Sin embargo, sí hubo —y
estoy seguro— una reconversión en esa aparente sumisión de la conciencia de
Trina —y la de casi todo el país—, y ese cambio fundamental comenzó a inundarlos
a todos a partir de la mitad de los años
50’s, cuando Trujillo permeó la obediencia y la admiración del país hacia su
régimen, tras sustituir la dureza del respeto y el temor como fundamento de la
obediencia, por una estrategia de terror sociológico copiada de los dictadores
que pisaron nuestro suelo a partir de la mitad del decenio de los 50’s: Domingo
Perón, Marcos Pérez Jiménez, Gustavo Rojas Pinilla y Fulgencio Batista, momento
decisivo en que los asesores de Trujillo debieron exponerle que el tiempo de
regir un país con la táctica del terror como doctrina, había llegado a su fin.
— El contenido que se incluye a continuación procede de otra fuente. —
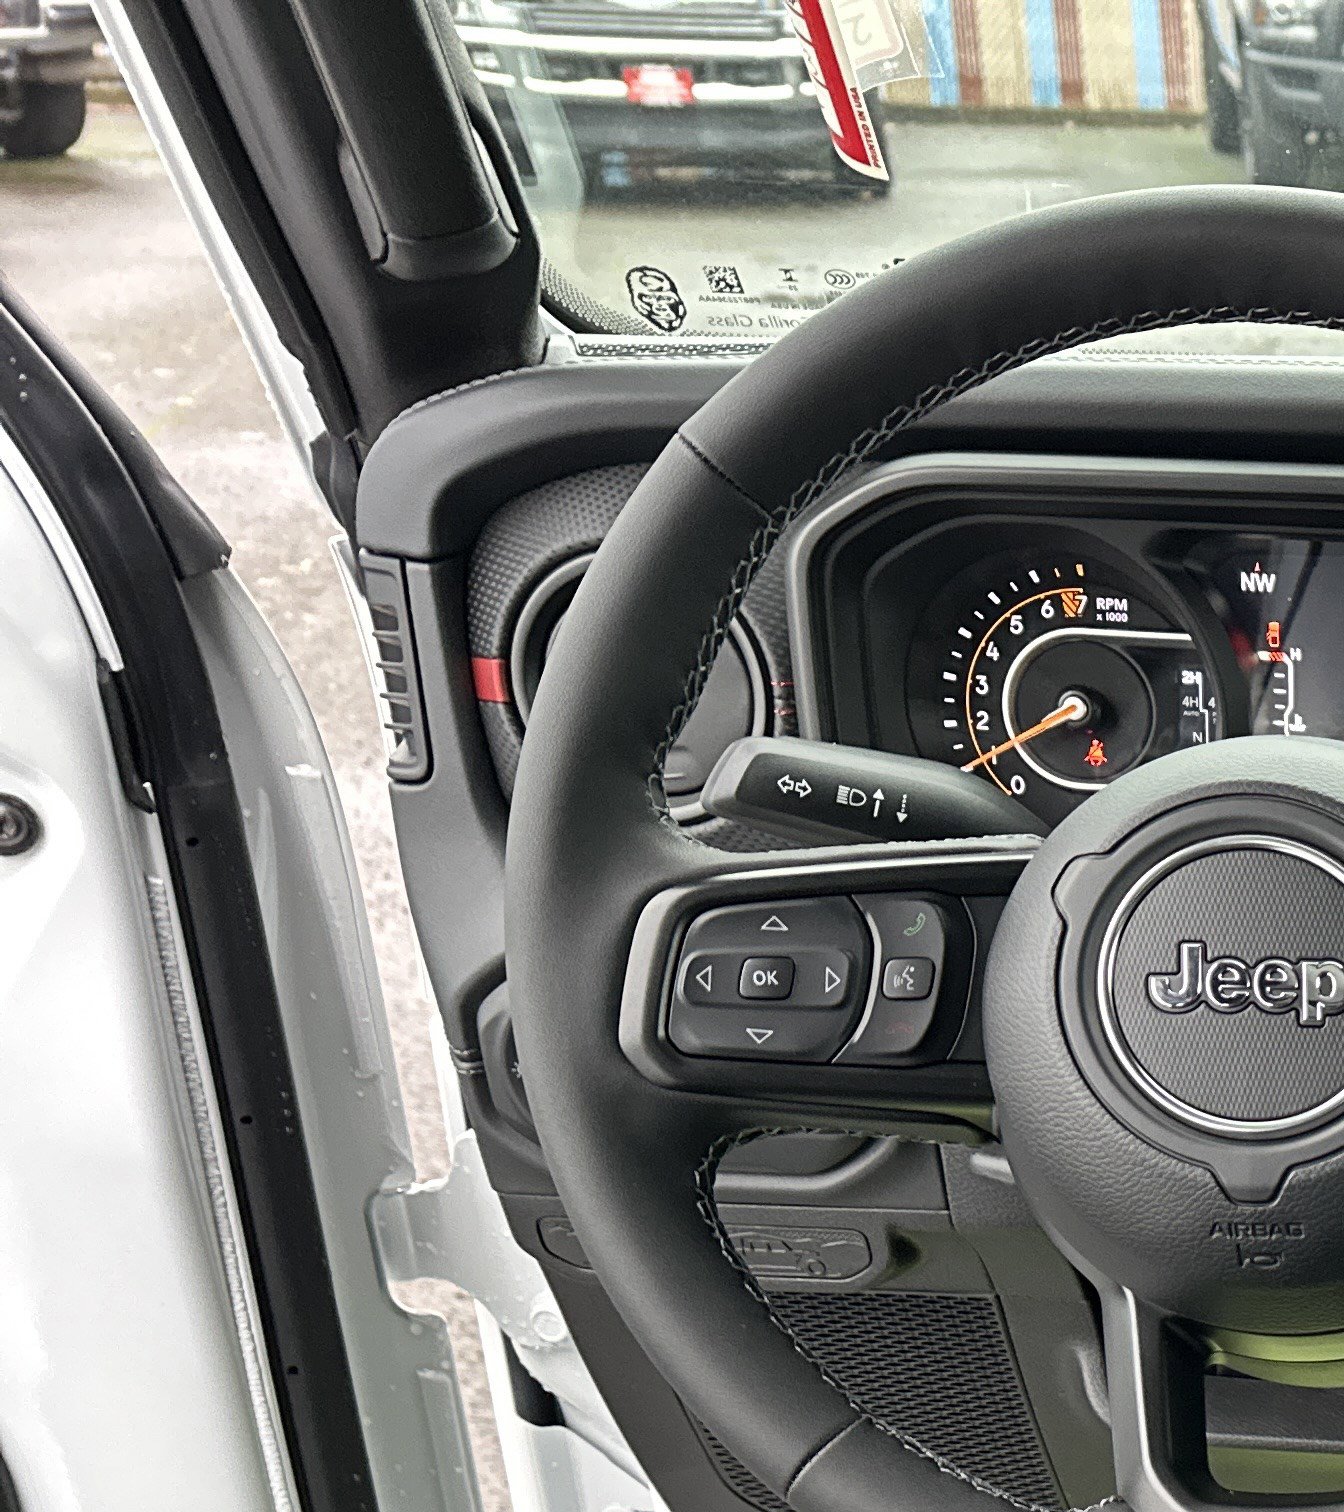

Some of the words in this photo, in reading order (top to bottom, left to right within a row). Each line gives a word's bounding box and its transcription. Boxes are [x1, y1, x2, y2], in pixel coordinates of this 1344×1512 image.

5. Trina Urbáez Díaz de Blandino: la satisfacción de una
trans-sociabilidad iluminada por la prudencia y el amor
Hoy, a sus ochentaidós
años, Trina Urbáez Díaz de Blandino puede mirar atrás y sonreír, porque desde
allá, desde ese hito que fue el año 1929, su vida ha recorrido un trayecto
histórico impulsado por cruciales cambios sociales, tecnológicos y científicos,
y ella lo ha recorrido como una testigo cuyo discurso se apegó a las
disciplinas enmarcadas en el deporte, en la beneficencia, en el servicio a los
demás, en la unidad familiar y, sobre todo, en un inconmensurable amor por su
país. Trina vivió completamente la dictadura de Trujillo, asimiló como
experiencia existencial la salida de Balaguer en 1962, el triunfo de Juan Bosch
en diciembre de ese mismo año y su derrocamiento en septiembre del 1963; fue
testigo de la Revolución de Abril del 1965 y el regreso ese mismo año de
Balaguer y su triunfo en 1966, y ha coexistido con los cambios políticos del
país, a partir del 1978 a la fecha. Así, Trina ha completado los ciclos discursivos
de una República Dominicana, que aunque a veces parece doblarse sobre sí misma
y se vislumbra a punto de quebrarse, siempre se levanta vigorosa, apoyada en
sus buenos hijos.
Por eso Trina, con
orgullo, puede responder, sin miedo al pasado, al presente y al futuro, esas
dos preguntas malintencionadas que me hice recientemente, porque ella vivió —y
vive— ese sendero de asechanzas con que nos trampea la vida… ¡como una llama ardiente
atravesando la historia!
Diciembre del 2011.
[1] Pandemónium es la capital del infierno en el poema El paraíso perdido, del inglés John
Milton.
[2] Lewis Carroll fue el
seudónimo utilizado por el escritor y matemático británico Charles Lutwidge
Dodgson
[3] SARTE, Jean-Paul: La temporalidad estática, en El ser y la
nada. Editorial Losada, S.A., 9na. Ed., Buenos Aires. 1993.
[4] HEGEL, G. W. F.: Fenomenología
del espíritu. Traducción de
Wenceslao Roces con la colaboración de Ricardo Guerra. Ed. Fondo de Cultura Económica. Ediciones F.C.E.
ESPAÑA, S. A. México, D. F. 1966.
[5] INFRANCA,
Antonino: El miedo en la fenomenología
del espíritu de Hegel. Revista Topía
(número dedicado a la vida cotidiana argentina). Buenos Aires. 2001.